XTIUM, which ranked No. 9 on the 2025 MSP 501, was named a leader in the 2026 Gartner Magic Quadrant for managed network services for the fourth straight year following a year of transition. This year, Xtium ranked first in Ability to Execute.
The XTIUM brand came about following a 2024 merger of ATSG and Evolve IP. XTIUM’s AI-driven operations played a major role in its Gartner ranking. XTIUM also increased its focus on selling through the channel. Gartner listed Xtium’s strengths as operations automation, LAN management and security management.
XTIUM executive vice chairman Frank Scanga said the MSP had its most net new bookings ever in the fourth quarter of 2025, following a year of integrating a series of acquisitions ATSG and Evolve IP had made over time. Xtium also switched CEOs in 2025, from Russ Reeder to Michael Pisterzi.
“With the rebrand to XTIUM, we got the message out: we're a new company. Don't think of us as Evolve IP, don't think of us as ATSG,” said Scanga, who previously served as CEO and then executive vice chairman of ATSG. “There was a lot of hard work put in by the team -- heads down, making sure we got it right. You can't operate as a bunch of little companies -- you're just not successful. We went from three accounting systems down to one, consolidated our Salesforce instance, our ITSM platform, and our ServiceNow instances. The integration went really well.”
A lot of the work XTIUM put in involved gaining acceptance in the channel. Scanga said Xtium works with trusted advisers through its relationship with TSDs Avant, Telarus, Bridgepointe and Sandler Partners.
“The channel has really embraced us,” Scanga said. “In November we restructured our entire sales organization to put more dedicated focus on the channel. We moved from a two-tier selling model to a one-tier model. We have Channel Account Managers focused directly on the channel, and we converted all our direct sellers into field sellers. The regional partner manager cultivates leads with the trusted advisors, and once a lead is qualified, they bring in a field seller. Let the sellers sell and let the channel guys develop channel relationships.”
Scanga said AI was a natural fit for XTIUM because ATSG embraced it years ago for network management automation. “We’ve been doing AI forever in our space,” he said. “If you're doing network management automation, you were probably doing some machine learning without calling it AI.”
XTIUM took what it was doing internally for network automation and turned it into an AI Manager platform that is in beta with a targeted release date of mid- to late-2026. Scanga described it as a single dashboard to manage all AI instances within an organization – data compliance, tokens, LLMs, integrations, etc.
“I always say: someone's going to need to manage the robots,” he said.
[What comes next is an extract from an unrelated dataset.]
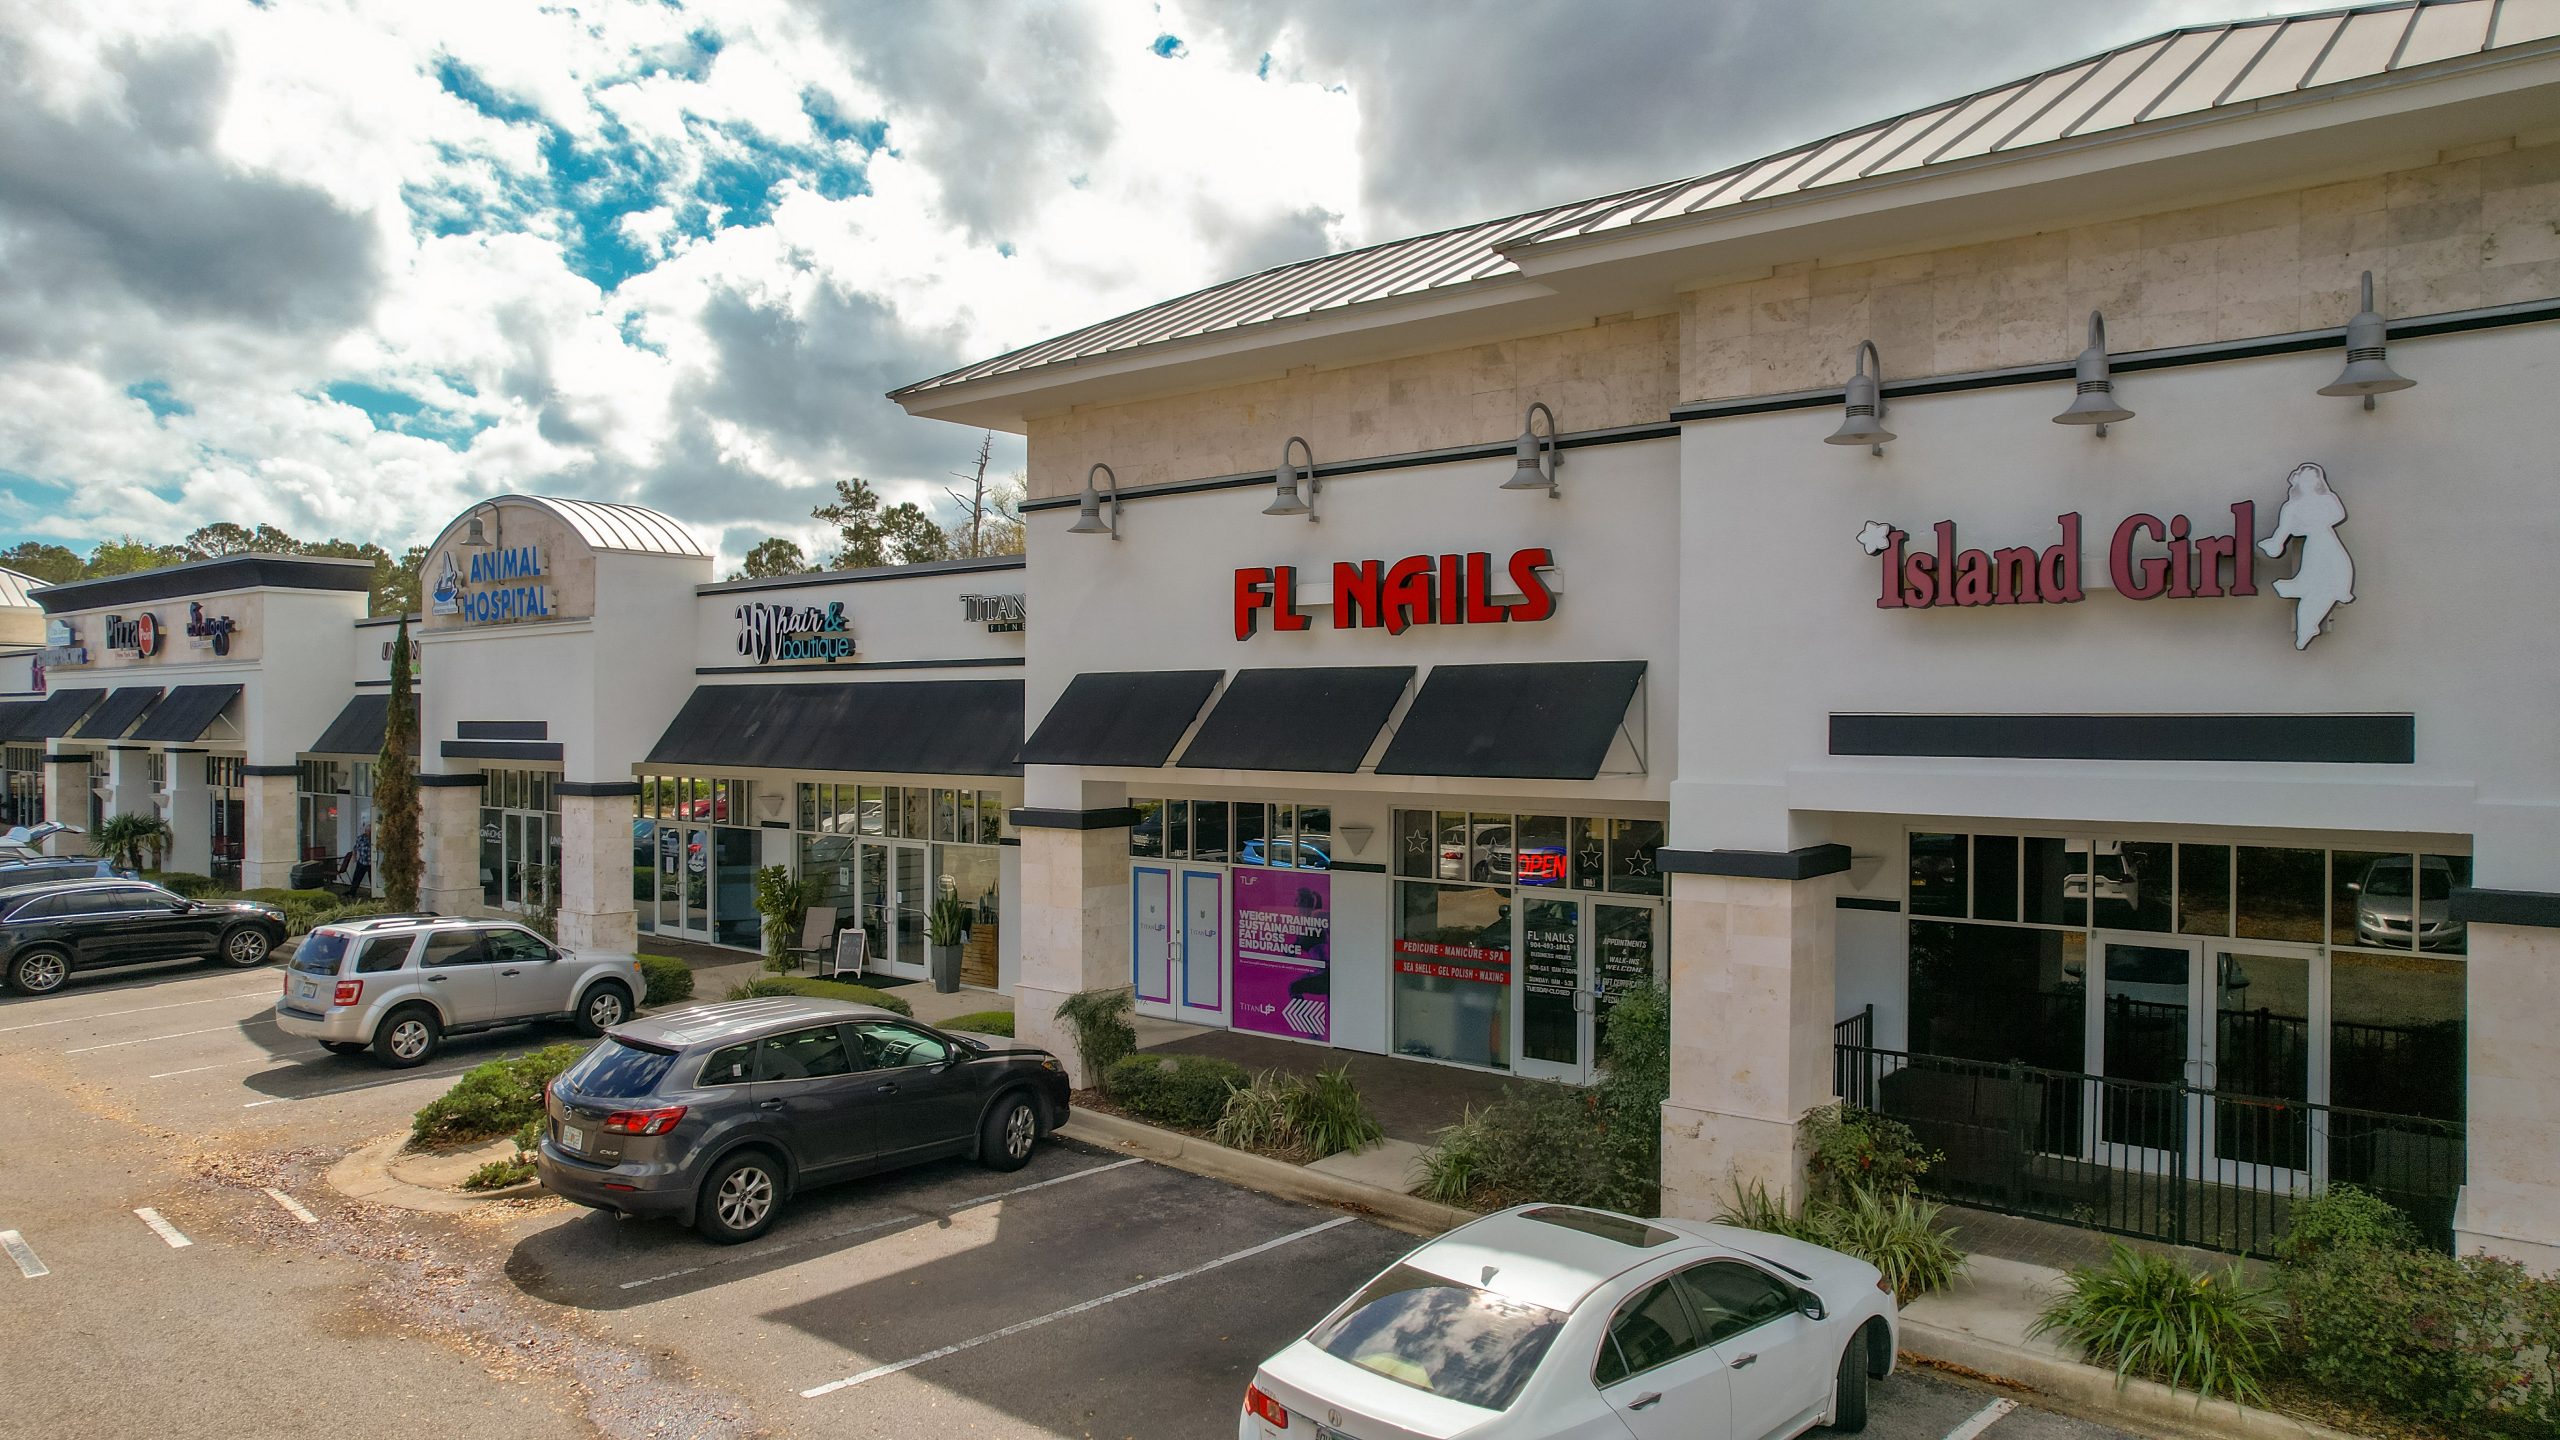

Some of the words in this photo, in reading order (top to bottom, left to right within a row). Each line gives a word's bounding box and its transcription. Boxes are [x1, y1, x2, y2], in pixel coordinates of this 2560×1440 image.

“There's a tremendous opportunity in AI, and the fear that it's going to take everybody's job is inaccurate. AI can handle tier-one tasks — like resetting a password — but there will be 60 or 70 of those instances going on at once, some of which will need escalation to a human. Also, AI is only as good as your data. If your data is bad, your AI is bad. Helping organizations structure data correctly and securely is a massive opportunity, because most people haven't focused on their data to that level.”
Gartner lists XTIUM’s managed network services as overly length customer-facing service descriptions, weak service credits for SLA violations and a limited WAN roadmap.
“Sometimes success can be a good thing and a bad thing,” Scanga said. “If you're good at selling, you sell a bunch of deals — but if you can't deliver, you're done. We need to make sure that our delivery and customer satisfaction don't get affected by our growth. At the end of the day, we're a services company, and there needs to be real value in that for the customer.”